■ **THE TASK**
Take from the entries below the stretch from the line with "this 1600×1200 image." through the line with "this 1000×1000 image.", and return it exactly, leaving the pictures out.

"""

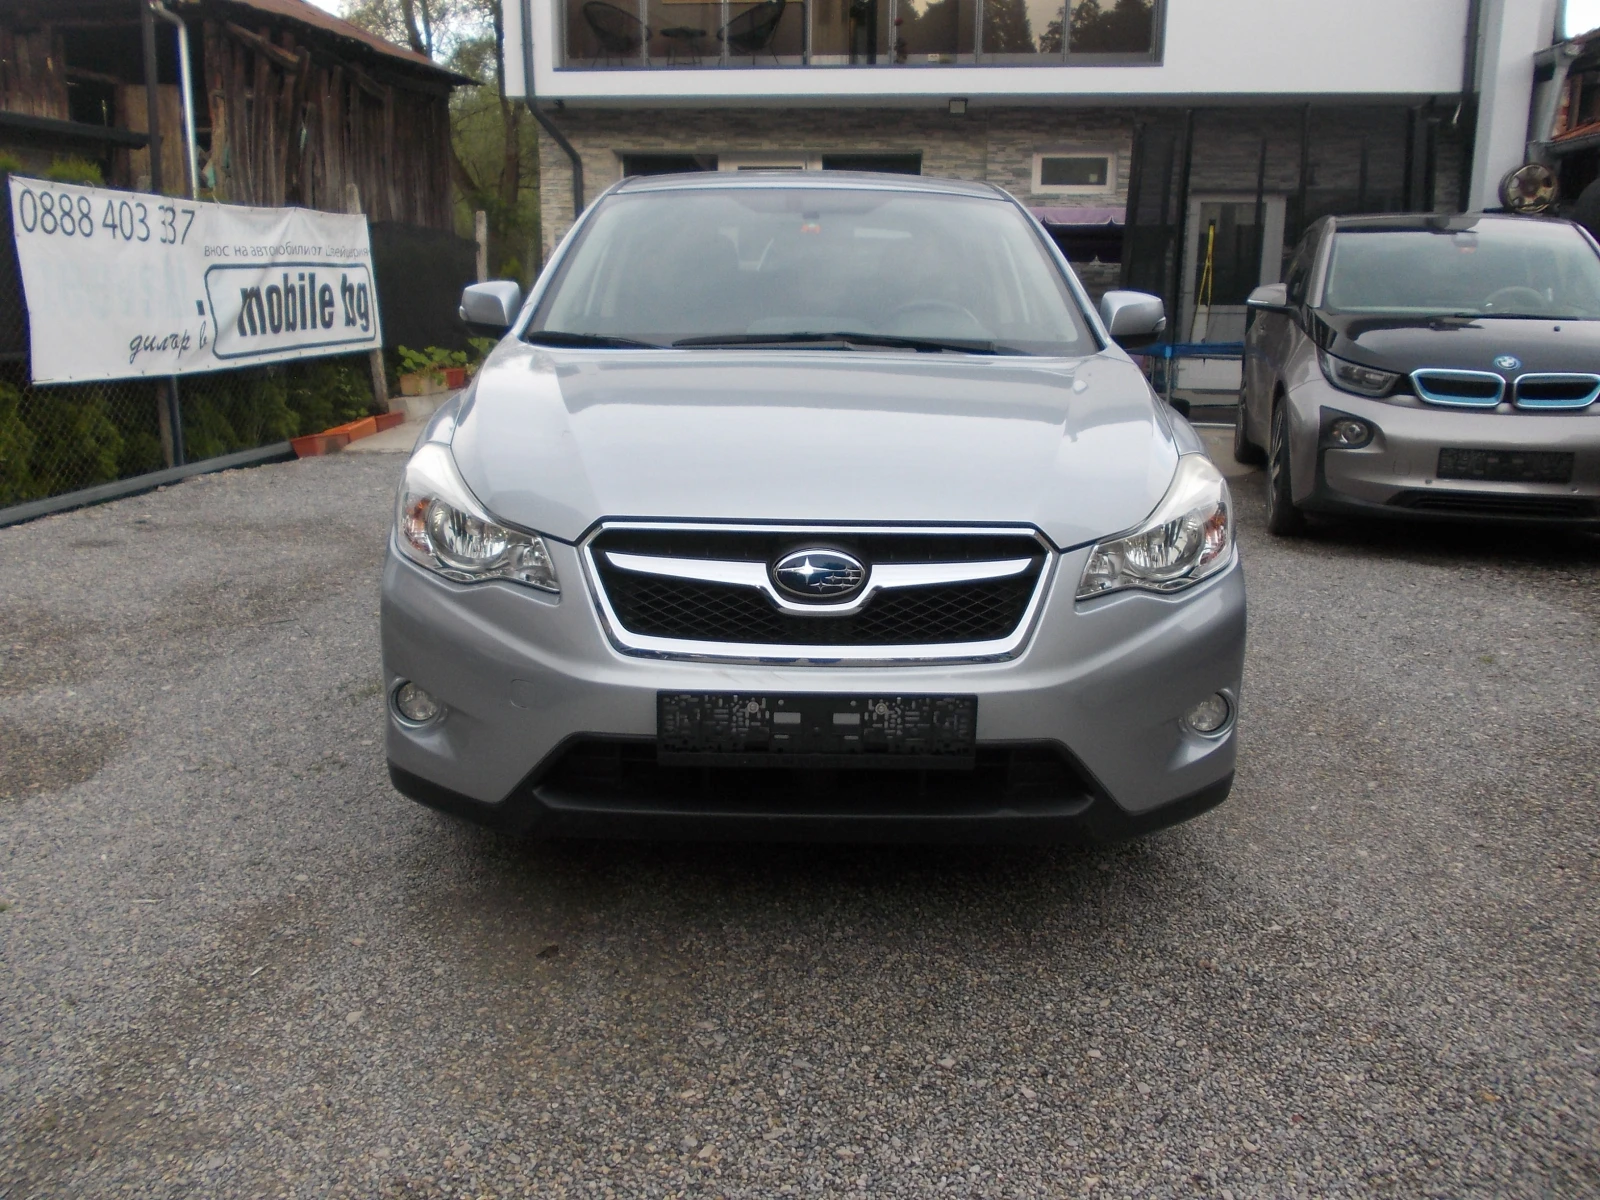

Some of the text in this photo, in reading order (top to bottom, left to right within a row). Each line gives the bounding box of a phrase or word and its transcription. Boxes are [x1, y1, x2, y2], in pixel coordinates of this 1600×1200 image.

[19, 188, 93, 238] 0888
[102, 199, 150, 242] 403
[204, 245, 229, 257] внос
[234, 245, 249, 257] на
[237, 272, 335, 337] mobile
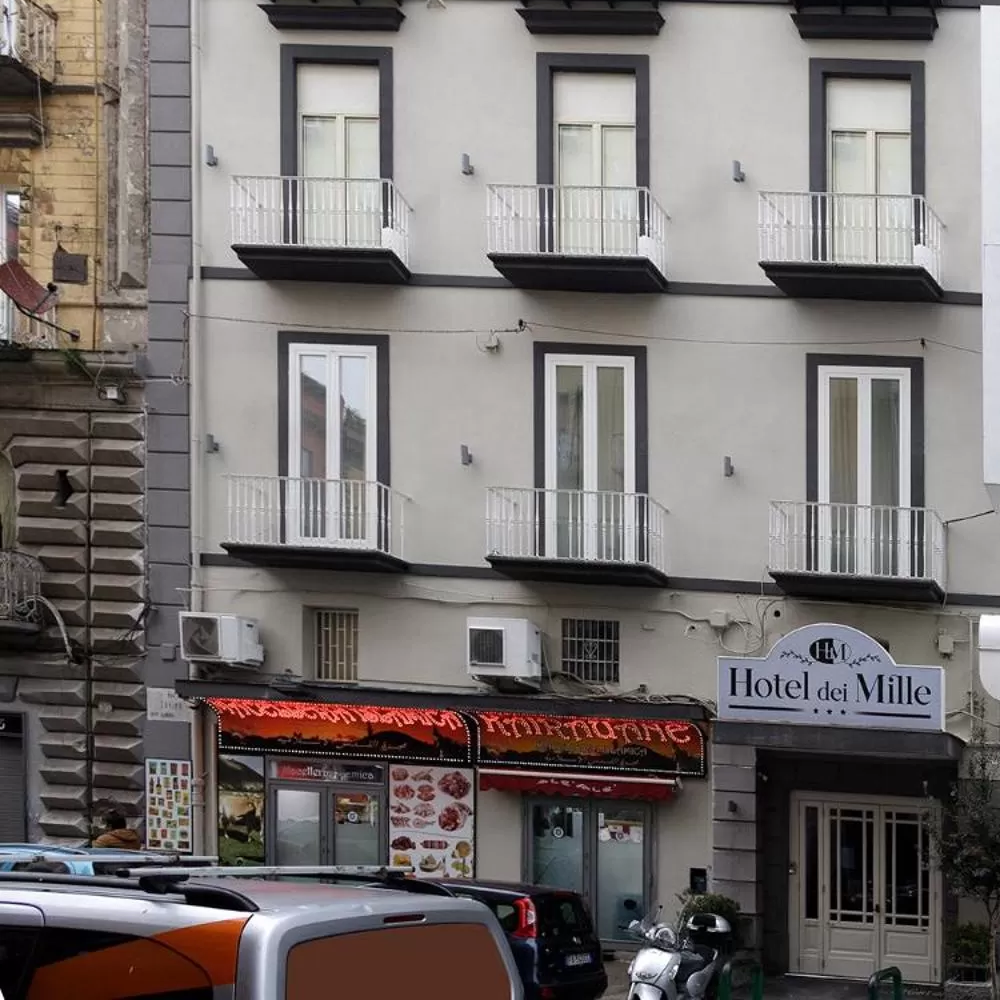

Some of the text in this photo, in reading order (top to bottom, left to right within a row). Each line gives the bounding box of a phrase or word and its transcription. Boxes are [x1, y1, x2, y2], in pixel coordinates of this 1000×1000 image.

"""
"""

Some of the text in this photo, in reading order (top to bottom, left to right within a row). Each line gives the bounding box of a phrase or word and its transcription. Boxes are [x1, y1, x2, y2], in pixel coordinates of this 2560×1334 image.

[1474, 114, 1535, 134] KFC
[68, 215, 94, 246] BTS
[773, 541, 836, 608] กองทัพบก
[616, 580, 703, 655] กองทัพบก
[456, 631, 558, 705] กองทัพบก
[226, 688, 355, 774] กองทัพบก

"""
"""

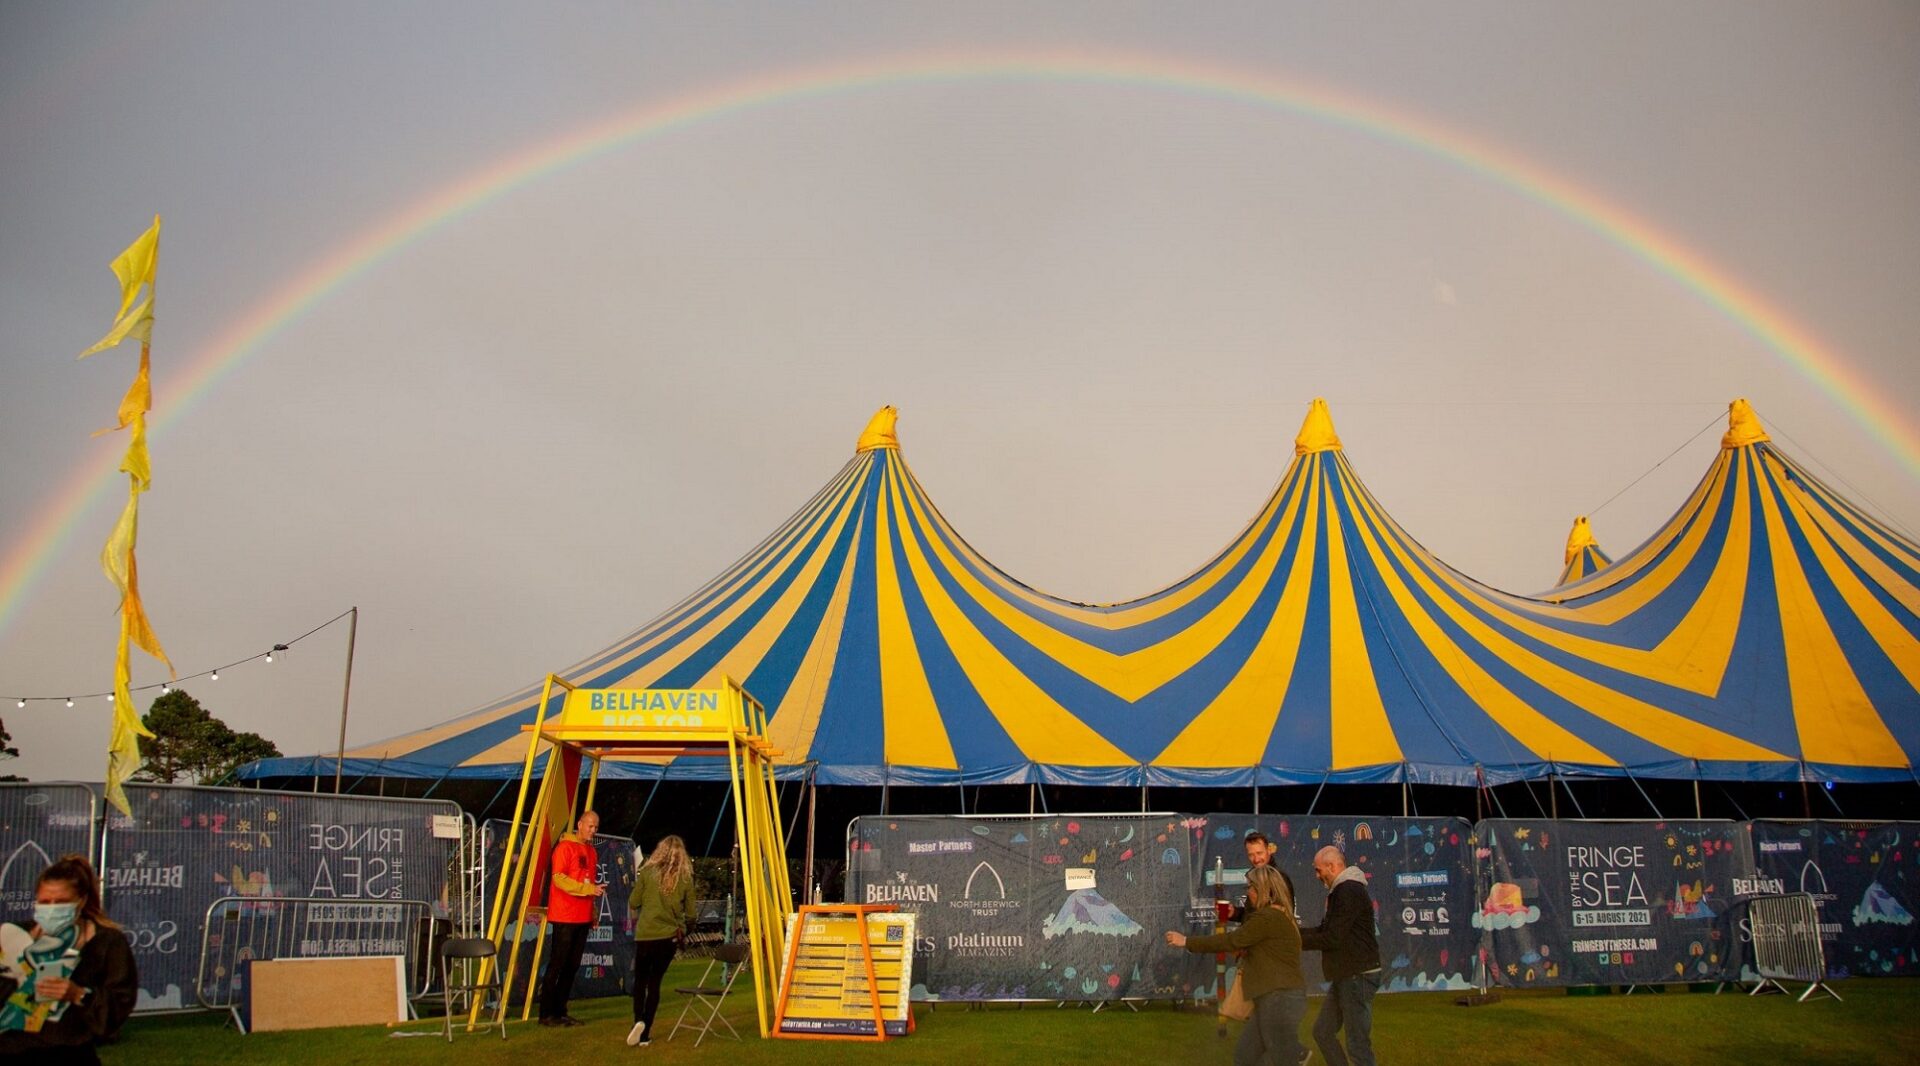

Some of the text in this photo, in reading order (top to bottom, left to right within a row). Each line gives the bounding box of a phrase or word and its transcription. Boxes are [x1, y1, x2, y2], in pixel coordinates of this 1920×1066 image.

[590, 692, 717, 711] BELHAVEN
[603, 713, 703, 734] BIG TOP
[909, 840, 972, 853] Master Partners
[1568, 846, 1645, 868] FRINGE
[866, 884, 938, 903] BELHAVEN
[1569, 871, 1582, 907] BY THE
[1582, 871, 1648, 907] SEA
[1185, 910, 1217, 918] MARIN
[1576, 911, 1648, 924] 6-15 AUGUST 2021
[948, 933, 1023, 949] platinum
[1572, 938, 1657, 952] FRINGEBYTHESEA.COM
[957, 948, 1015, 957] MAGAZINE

"""

■ **TASK SOLUTION**
Some of the text in this photo, in reading order (top to bottom, left to right within a row). Each line gives the bounding box of a phrase or word and its transcription. Boxes are [x1, y1, x2, y2], in pixel coordinates of this 1600×1200 image.

[19, 188, 93, 238] 0888
[102, 199, 150, 242] 403
[204, 245, 229, 257] внос
[234, 245, 249, 257] на
[237, 272, 335, 337] mobile

Some of the text in this photo, in reading order (top to bottom, left to right within a row). Each line gives the bounding box of a phrase or word and its transcription. Boxes are [x1, y1, x2, y2], in pixel coordinates of this 1000×1000 image.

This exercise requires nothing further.